DATA SUPPLIED:
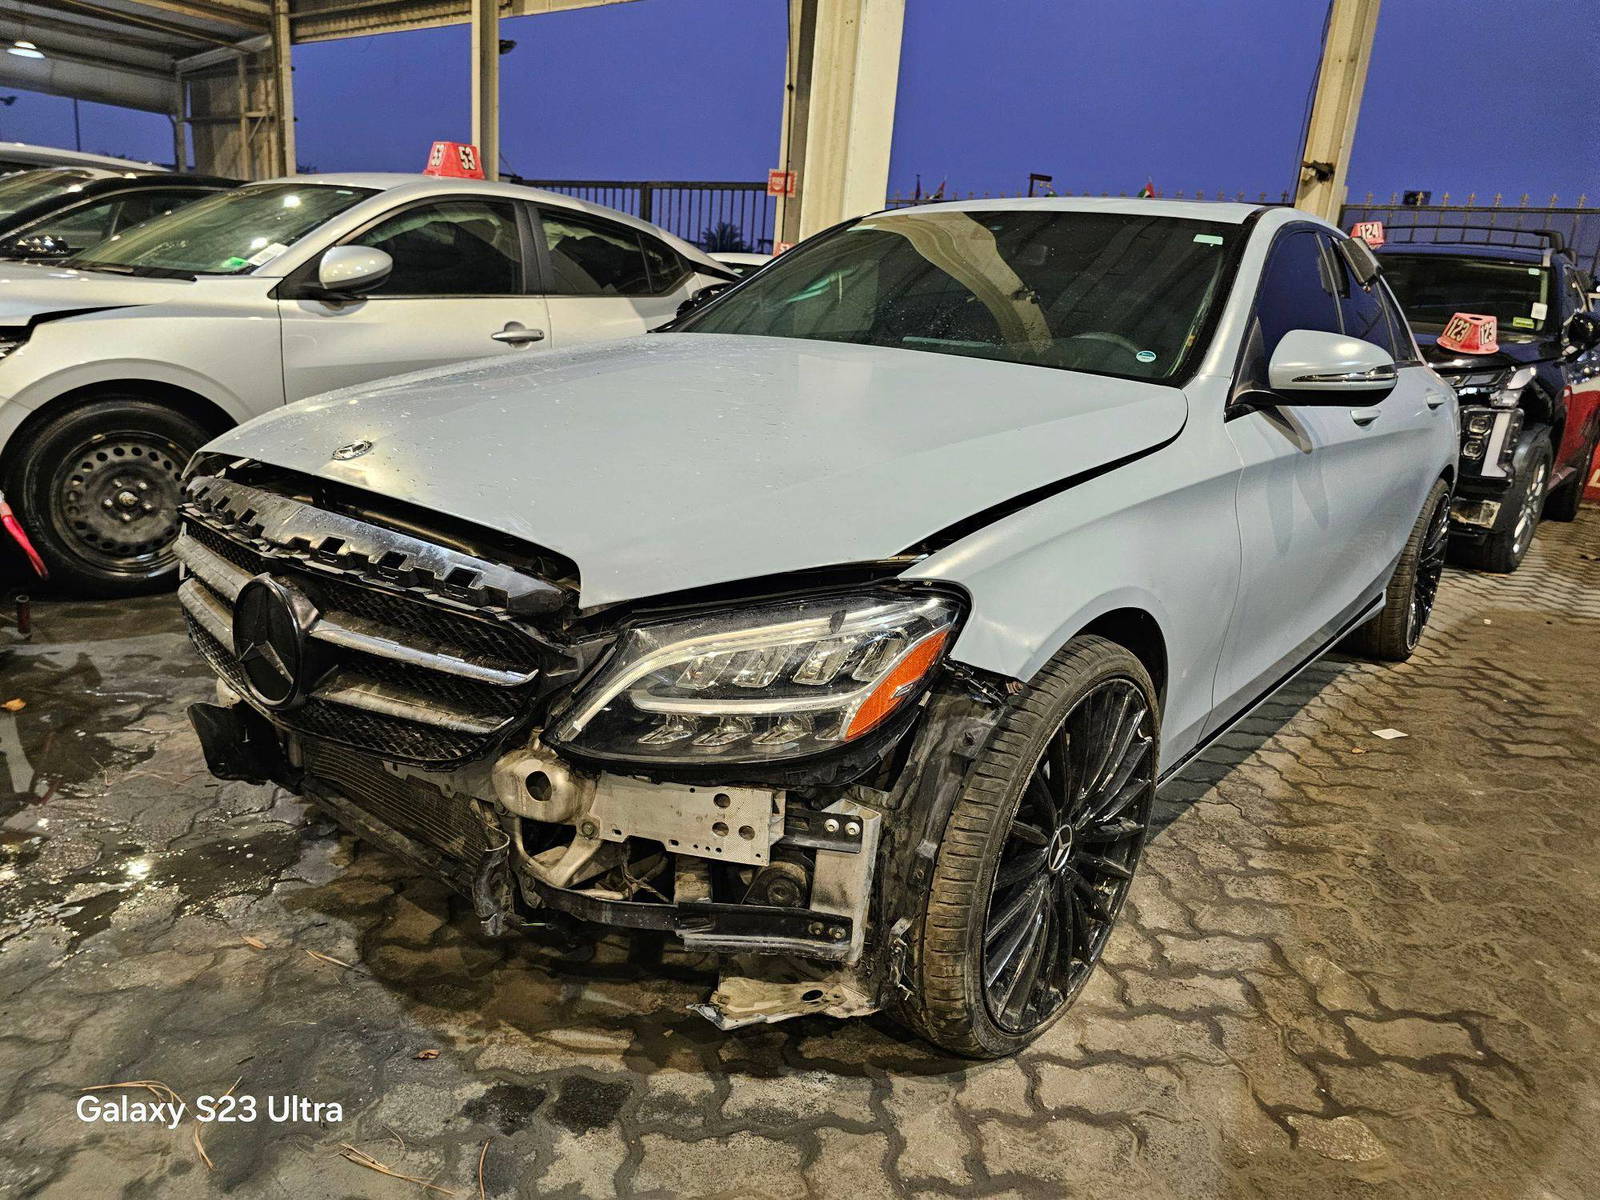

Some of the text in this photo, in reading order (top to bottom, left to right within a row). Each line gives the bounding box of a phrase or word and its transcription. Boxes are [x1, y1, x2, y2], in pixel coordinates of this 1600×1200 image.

[458, 145, 476, 170] 53
[1360, 223, 1380, 240] 124
[1446, 317, 1470, 342] 123
[1481, 321, 1496, 345] 123
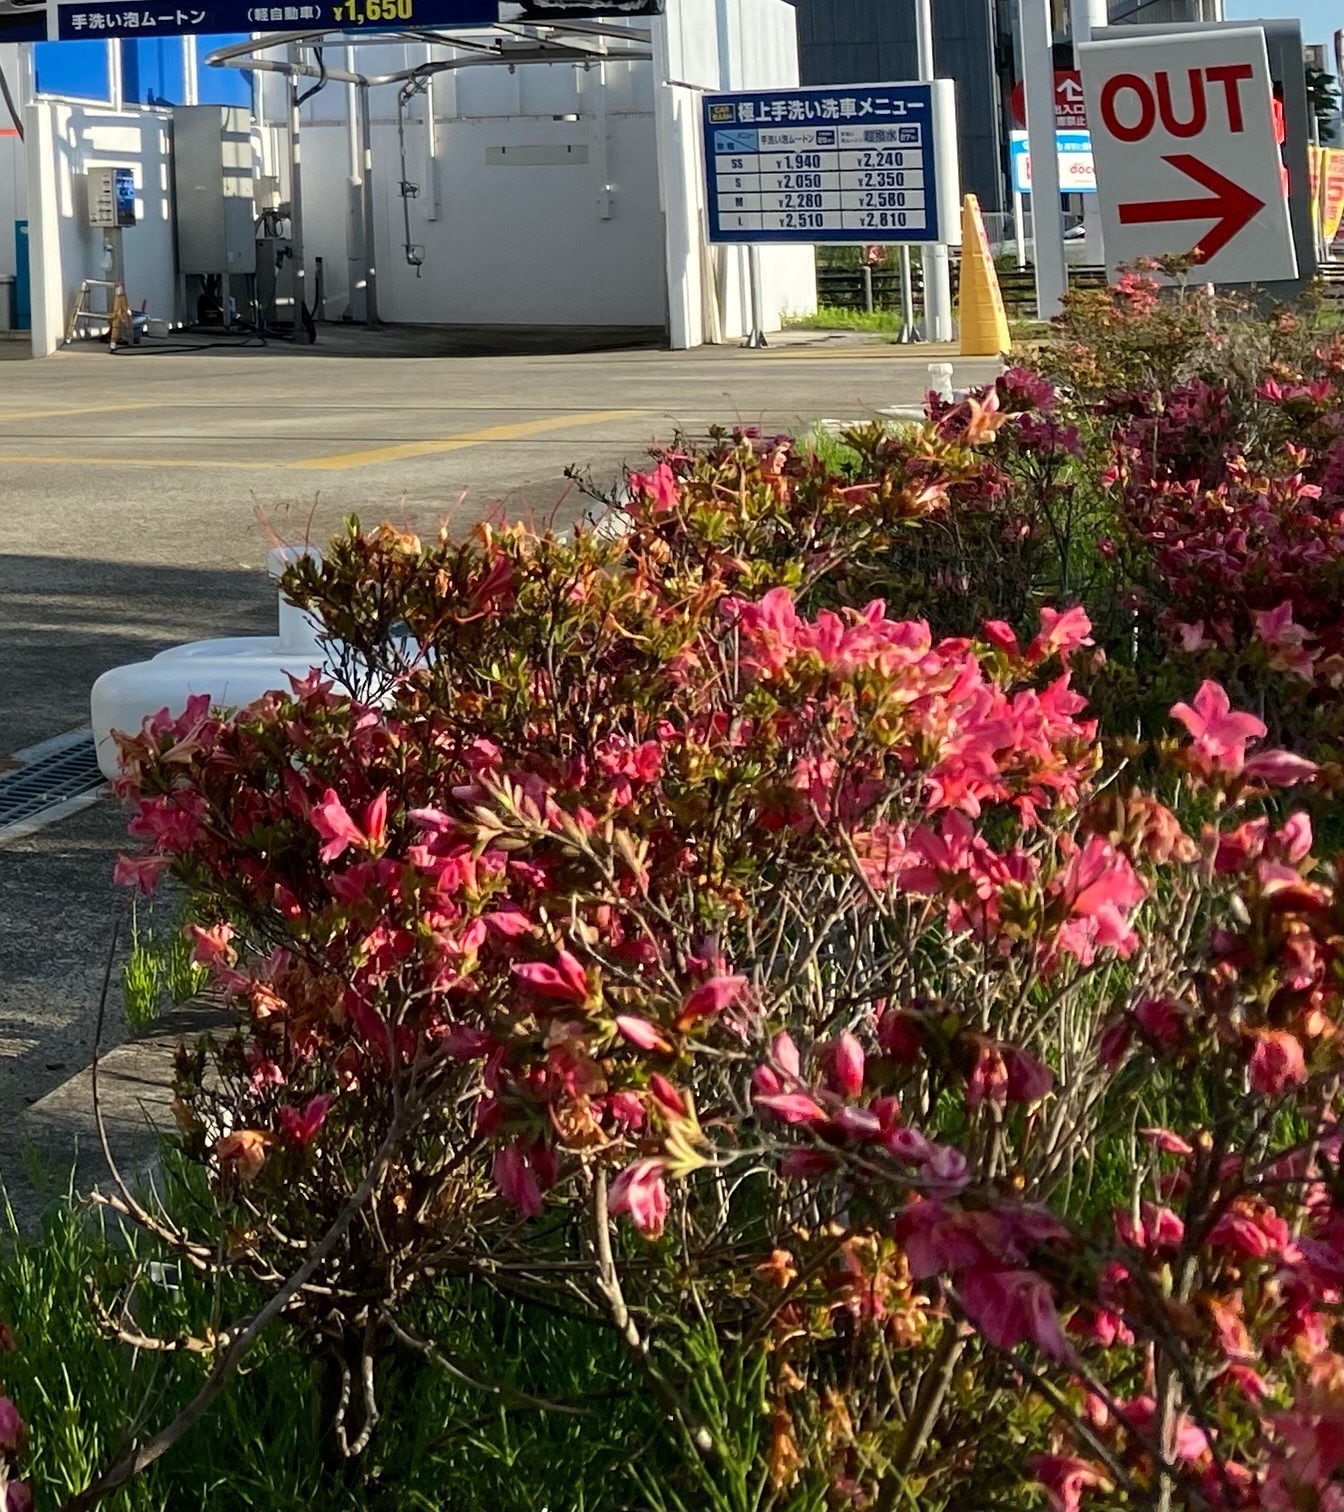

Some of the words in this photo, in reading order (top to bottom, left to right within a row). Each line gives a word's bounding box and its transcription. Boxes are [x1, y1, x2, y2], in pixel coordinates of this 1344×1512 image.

WORK TASK: Retype each of the entries above exactly as it appears, with no pictures.

OUTPUT BELOW:
Some of the text in this photo, in reading order (top to bottom, left to right within a row). Each line gives the bounding box of a phrase or word and its transcription. Boxes are [x1, y1, x2, y2], in pixel coordinates of this 1600×1200 image.

[458, 145, 476, 170] 53
[1360, 223, 1380, 240] 124
[1446, 317, 1470, 342] 123
[1481, 321, 1496, 345] 123

Some of the words in this photo, in reading order (top to bottom, left to right within a row). Each line gives a word's bounding box and its transcription. Boxes are [x1, y1, x2, y2], in pixel coordinates of this 1344×1512 image.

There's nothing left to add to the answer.